When everything in our lives is available from the comfort of our own homes, why would drugs be any different? Drug dealing has transitioned from dark corner exchanges to social media, with encrypted messaging services like WhatsApp and Wickr, it has never been easier to get your hands on, well, anything. The internet has always had its dark corners and whether hidden in plain sight or buried under miles of pages in the dark web, there is relatively nothing you can’t buy or sell online. However, these corners no longer seem as appealing. When most things can be accessed with a few simple taps, most of us don’t want to spend our time traipsing through dodgy webpages – I don’t want to hire a hitman; I just want to buy a gram. 

In recent years, social media has boomed, and for the drug industry it has filled the gap in the market between street dealers and the dark web. With relatively easy access and still no need to stray too far from your bedroom, it acts as the perfect halfway house. Social media is familiar, easy to use, and fortunately for drug dealers, some platforms like Instagram don’t even require any personal details to create an account. 

But, of course, like every other industry adapting to life online, it’s not an easy gig. To be the best on social media you have to look the best, and playing the part is everyone’s one-way ticket to success. Social media is built upon facades created by ‘influencers’, and their fans follow suit. Drug dealing online has impersonated this attention-grabbing talent to an uncanny likelihood. Long gone are the days of one-liner messages to ancient burner phones or getting someone’s mate to sort you out; drugs of all kinds are marketed better than most other small businesses – with bundle deals, giveaways, and discount codes are the new standard. 

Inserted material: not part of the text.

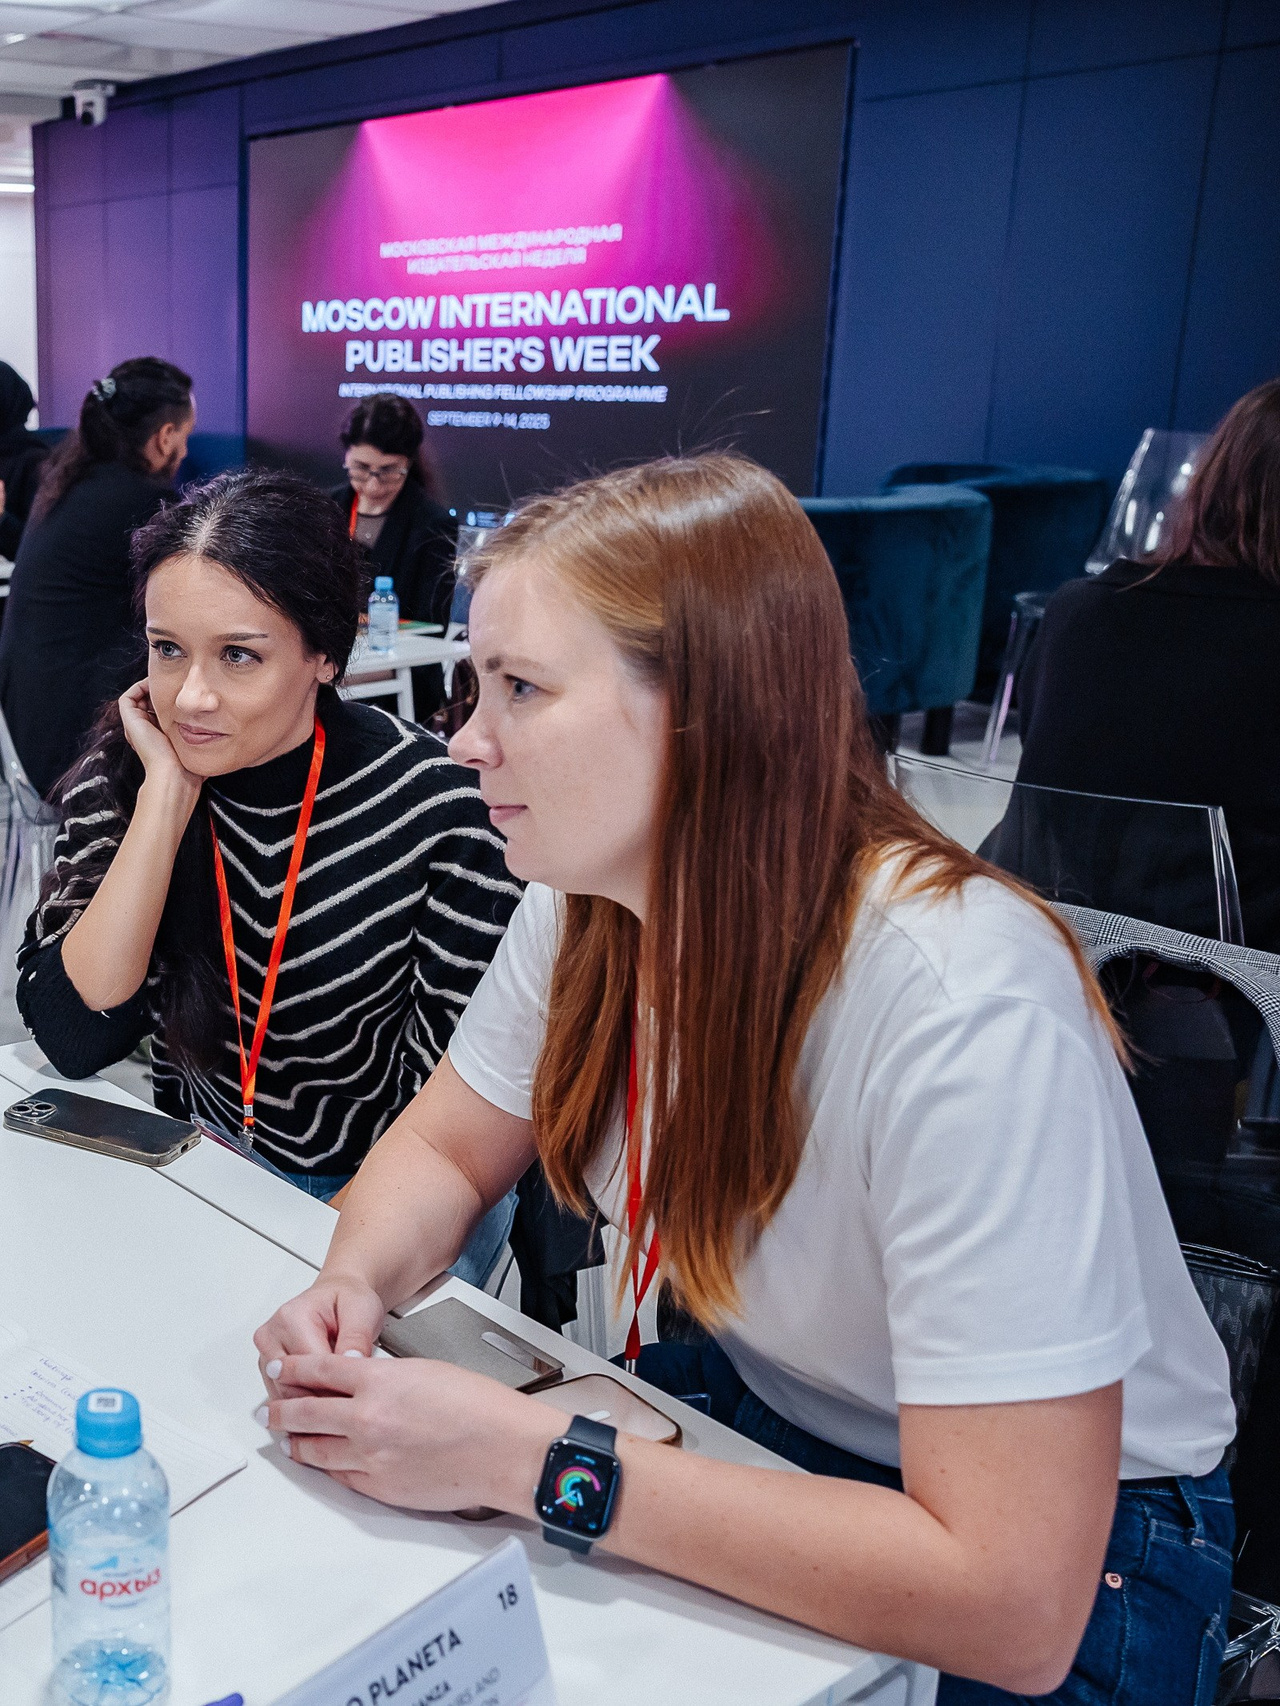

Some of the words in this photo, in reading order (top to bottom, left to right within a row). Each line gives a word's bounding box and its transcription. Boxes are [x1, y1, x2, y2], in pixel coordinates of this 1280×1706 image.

This online presence has allowed drug dealers to connect with more potential clients than ever before. When a dealer may have been restricted to a singular locality, now they are able to sell to anyone, anywhere in the world. Moreover, international postage of small personal quantities of drugs are far less likely to be caught than large scale smuggling and importation, and it conveniently comes with much more lenient penalties. Taxi apps like Uber are also paving paths for this new digital drug industry. Ubering to drop off or pick up the next hit is considerably less risky than driving yourself, especially when as a car may become recognisable to police. 

This increased accessibility has fundamentally changed our perception of drugs and dealers. In a recent study by Volteface, it was found that one in four young people see illicit drugs advertised for sale on social media – 56% saw drugs advertised on Snapchat, 55% on Instagram, and 47% on Facebook. These advertisements allow a level of credibility to the drug industry and serve to legitimise it, kind of like how ads have influenced the normalisation of gambling in sports. This can be a worrying prospect when considered alongside the low-quality drug education most children currently receive, and could facilitate an uptake in drug use within the younger generation.

Could this normalisation be a good thing? With conversations about drugs becoming less of a taboo, could this create a more open path to engage in conversations surrounding addiction and recovery? Or alternatively, is this a slippery slope that we are already too far down the rabbit hole to recover from?